### Task item:
The records below must be transcribed exactly. Do not include the pictures.

─── Data records ───

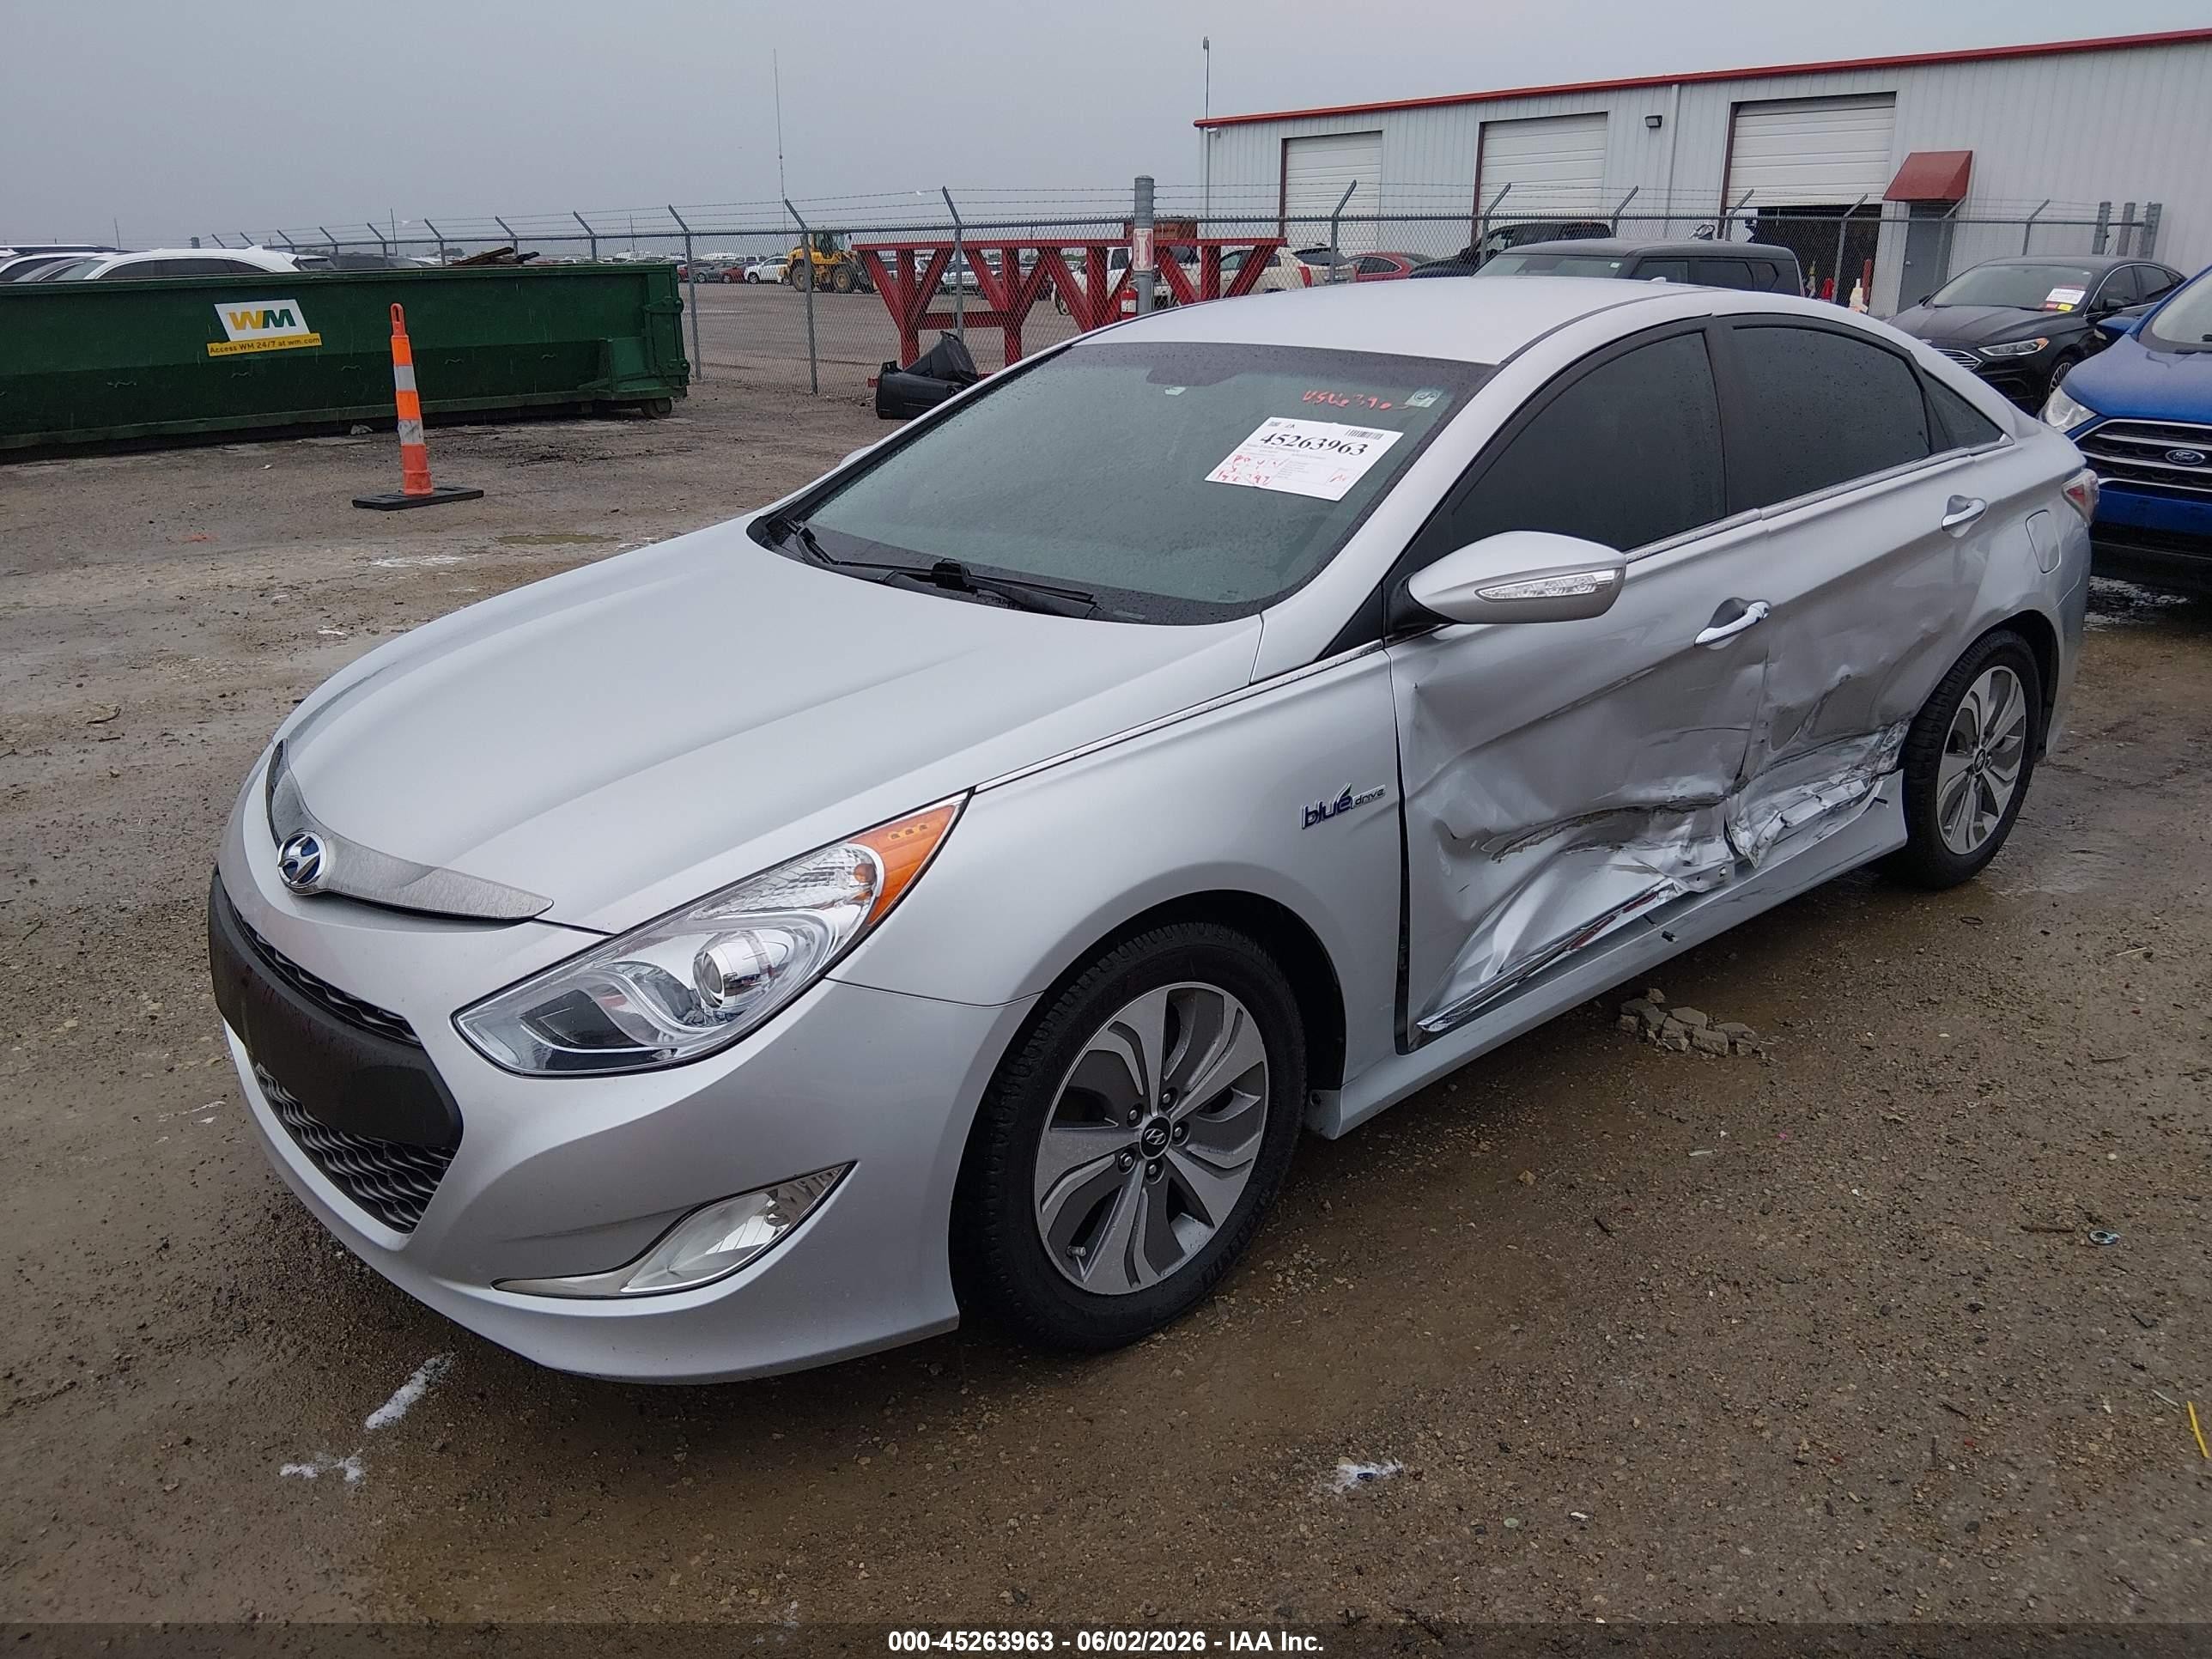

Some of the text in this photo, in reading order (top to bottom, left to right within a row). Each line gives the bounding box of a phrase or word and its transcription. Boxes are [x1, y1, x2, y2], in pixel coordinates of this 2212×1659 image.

[229, 309, 296, 330] WM
[257, 340, 276, 349] 24/7
[1260, 433, 1368, 456] 45263963
[1301, 782, 1385, 830] blue drive
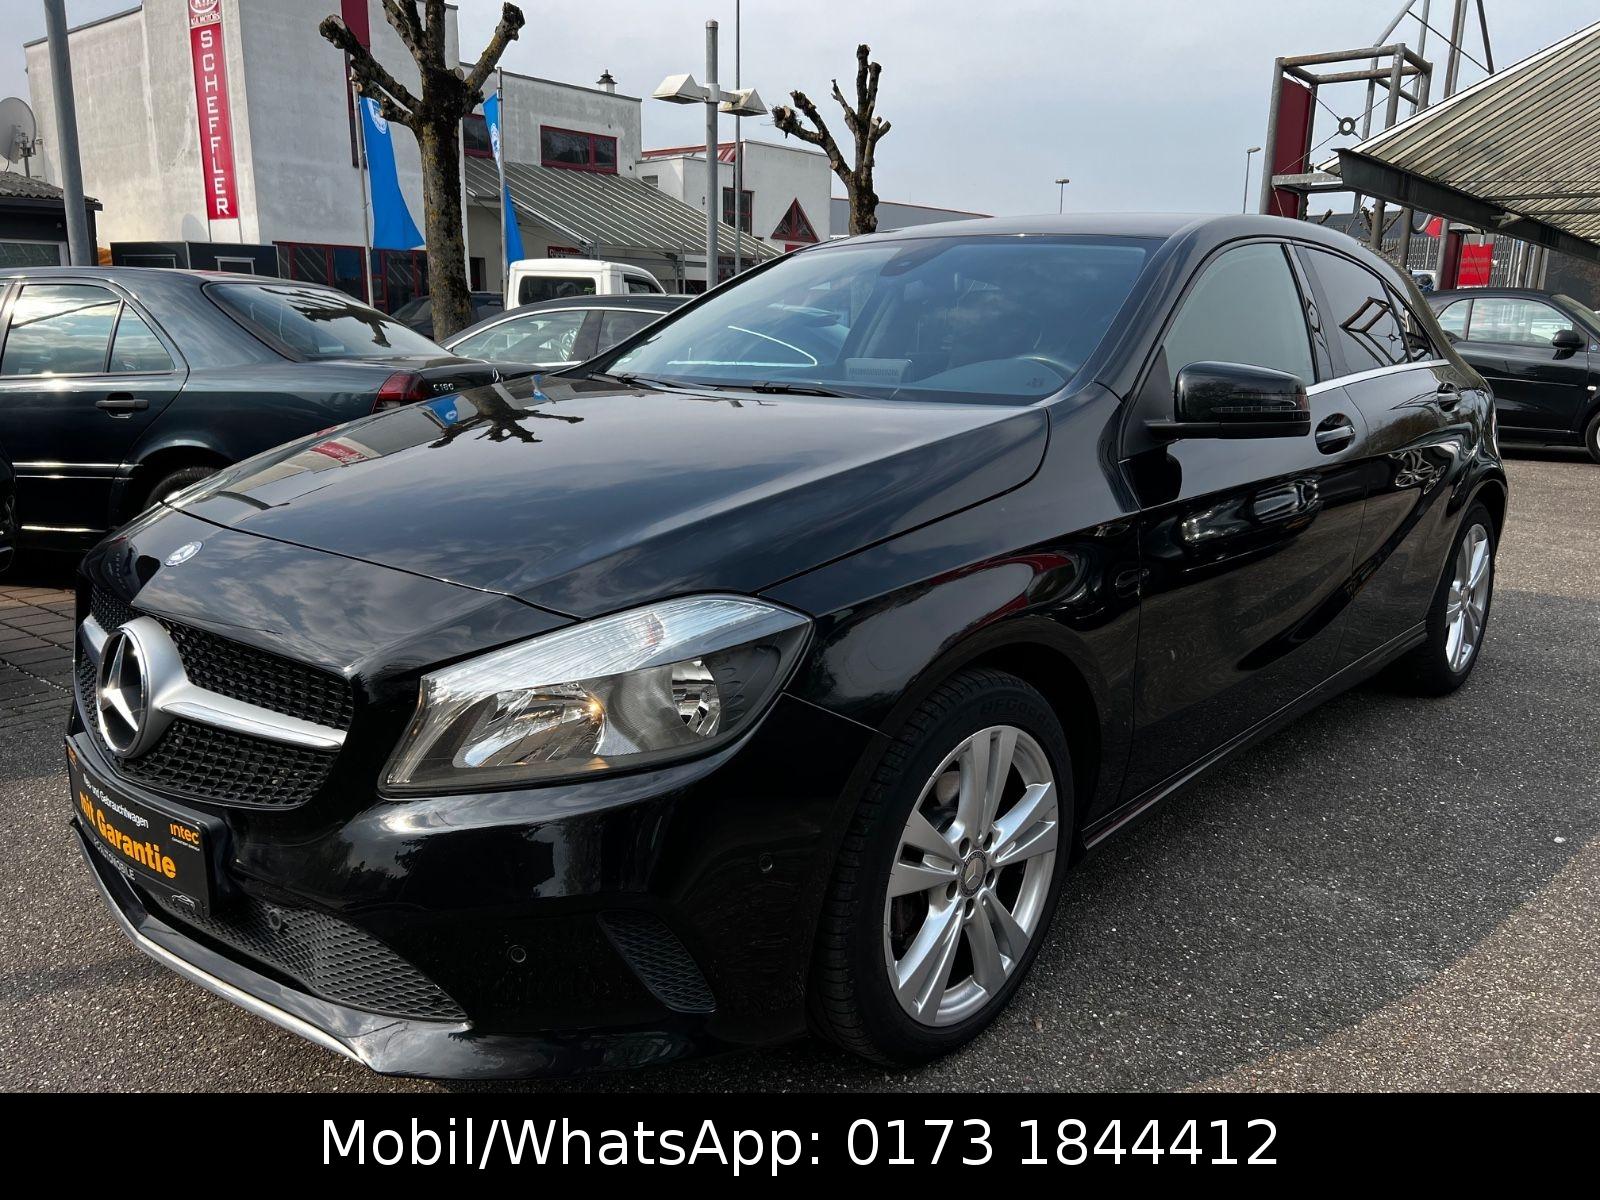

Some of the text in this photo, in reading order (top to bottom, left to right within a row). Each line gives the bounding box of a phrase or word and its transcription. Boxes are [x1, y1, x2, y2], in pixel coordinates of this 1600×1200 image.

───

### Result:
Some of the text in this photo, in reading order (top to bottom, left to right within a row). Each line gives the bounding box of a phrase or word and its transcription. Boxes are [x1, y1, x2, y2], in pixel coordinates of this 2212×1659 image.

[229, 309, 296, 330] WM
[257, 340, 276, 349] 24/7
[1260, 433, 1368, 456] 45263963
[1301, 782, 1385, 830] blue drive

Some of the text in this photo, in reading order (top to bottom, left to right within a row). Each line gives the bounding box of a phrase or word and its transcription. Boxes are [x1, y1, x2, y2], in pixel coordinates of this 1600×1200 image.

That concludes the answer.